Did your parents or you ever talk about what was happening in Germany? About Hitler and Kristallnacht and any of that?
Kristallnacht?
Yeah.
We knew everything.
Wife: That was in '38.
We knew everything because I were reading, my father would read the Jewish paper everyday and I read the Polish paper, which ??? I think was the name of it. And we knew what was going on there. But we did not believe...
Wife: It can't happen here.
especially a tragedy like this in our life. At that time, they--when the Kristallnacht--a lot of them went out, out to different countries, they had lots of possibilities. In Kristallnacht they lost the business. They shook him up and so on. And slowly they saw where they were. Some of them were imprisoned and concentration camp. But, uh...
Wife: Not in '38.
What? What?
Did any German Jews...
German Jews I don't know.
Wife: What about the Polish Jews.
Kristallnacht. German Jews, yeah.
Did any of them come to Radom that you remember?

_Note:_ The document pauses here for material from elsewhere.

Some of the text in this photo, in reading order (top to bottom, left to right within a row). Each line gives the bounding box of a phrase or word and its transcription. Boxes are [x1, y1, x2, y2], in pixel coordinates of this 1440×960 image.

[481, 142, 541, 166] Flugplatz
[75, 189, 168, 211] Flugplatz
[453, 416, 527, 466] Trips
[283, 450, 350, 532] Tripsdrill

Wife: No. German Jews would come to Radom?
No, I tell you what. If you--excuse me--a few German Jews that settled in Germany or ended up in Germany, I don't know if they were uh, sent out to Poland. Or there were, there were some people in Łódź, there were some people--not big amounts, maybe a few hundred people altogether. But just, just very few of them.

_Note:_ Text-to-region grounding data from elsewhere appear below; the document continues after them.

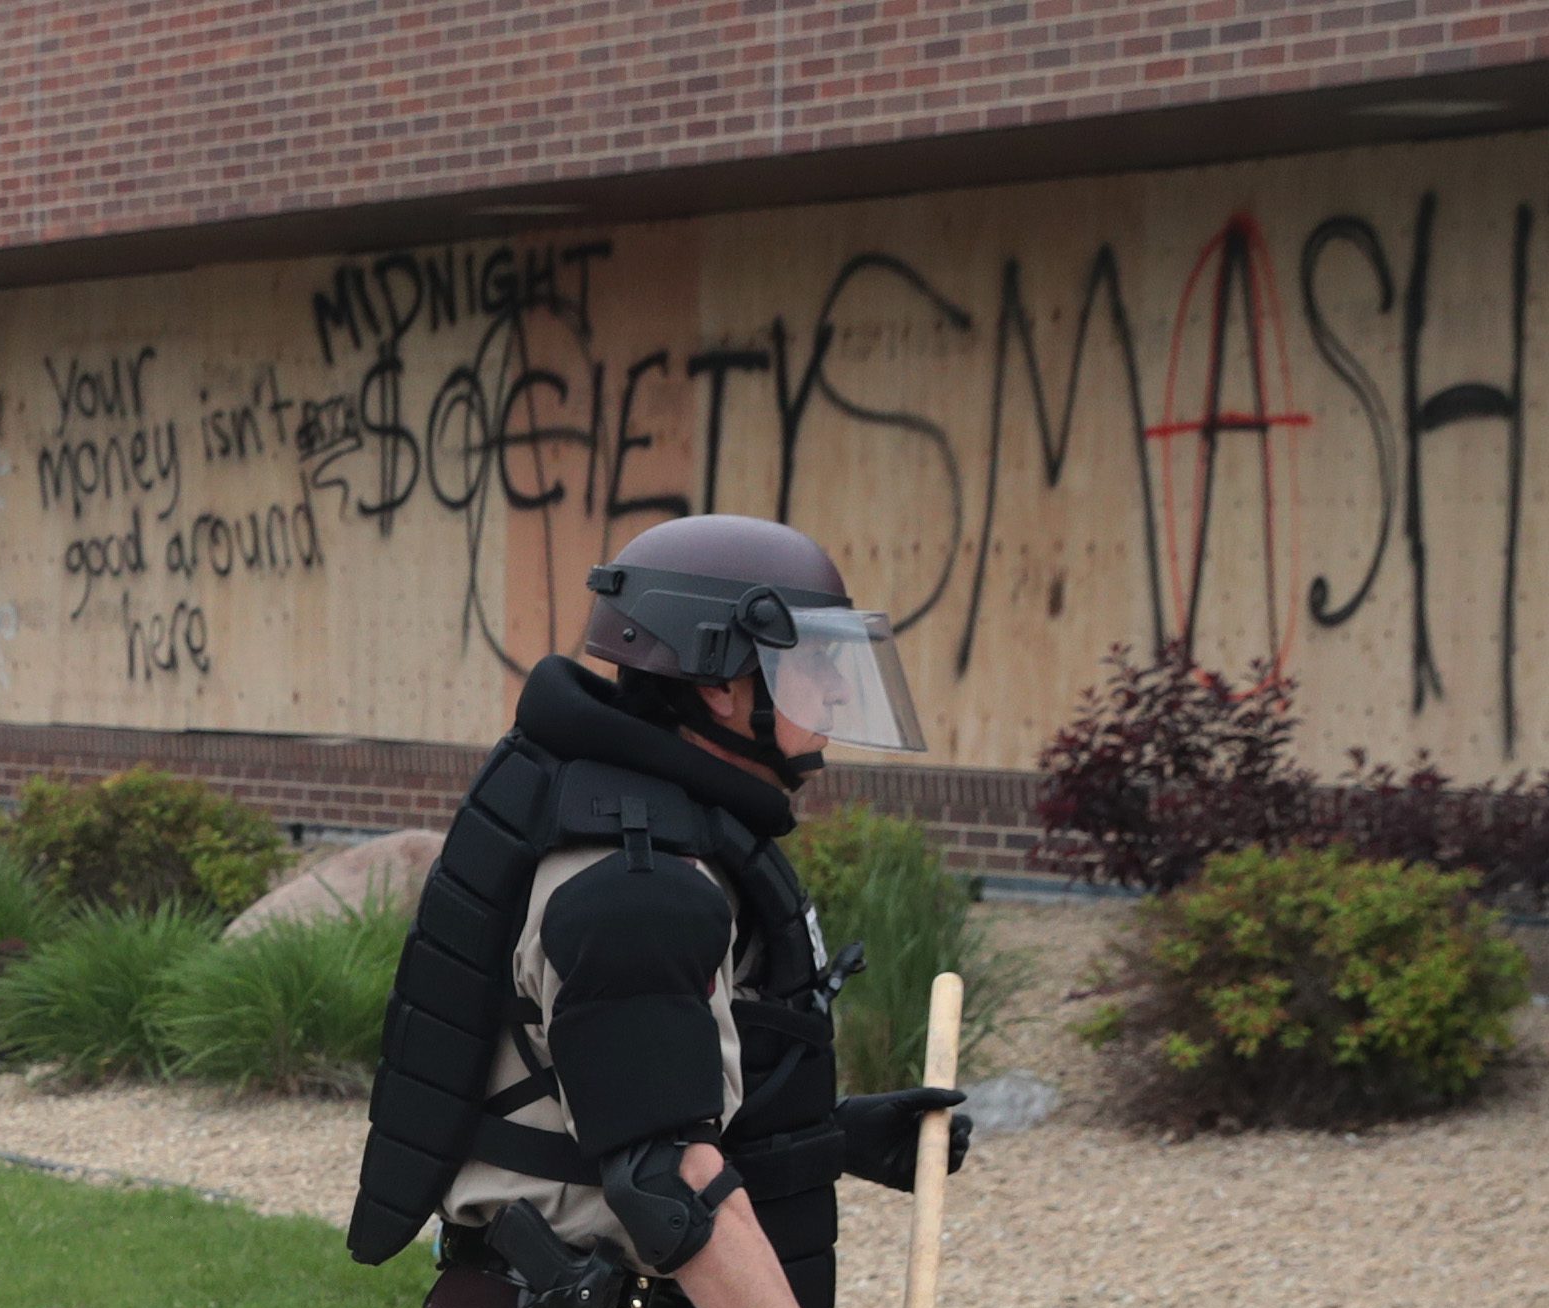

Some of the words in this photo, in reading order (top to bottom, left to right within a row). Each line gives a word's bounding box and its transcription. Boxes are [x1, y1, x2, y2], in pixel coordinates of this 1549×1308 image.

[313, 240, 613, 366] MIDNIGHT
[37, 420, 182, 521] money
[812, 190, 1535, 760] SMASH
[64, 506, 147, 621] good
[165, 470, 325, 582] around
[122, 590, 211, 682] here

So you knew what was going on in Germany but you didn't think anything was going to happen in Poland.
Yeah. Right.
Do you remember what was his name?
Going back to that thing. Why would a German Jew come to Poland, unless he had connections. He would go to United States, to England and they were quite a number who...
Wife: China
went away.
Well, a, a number of um, Polish Jews who lived in Germany were driven out in 1938...
Wife: Oh yes, yes.
Yeah, yeah.
which is what started the Kristallnacht. Um, what about, was it Kosciusko?
Wife: Kosciusko?
Oh Kosciusko? Yeah.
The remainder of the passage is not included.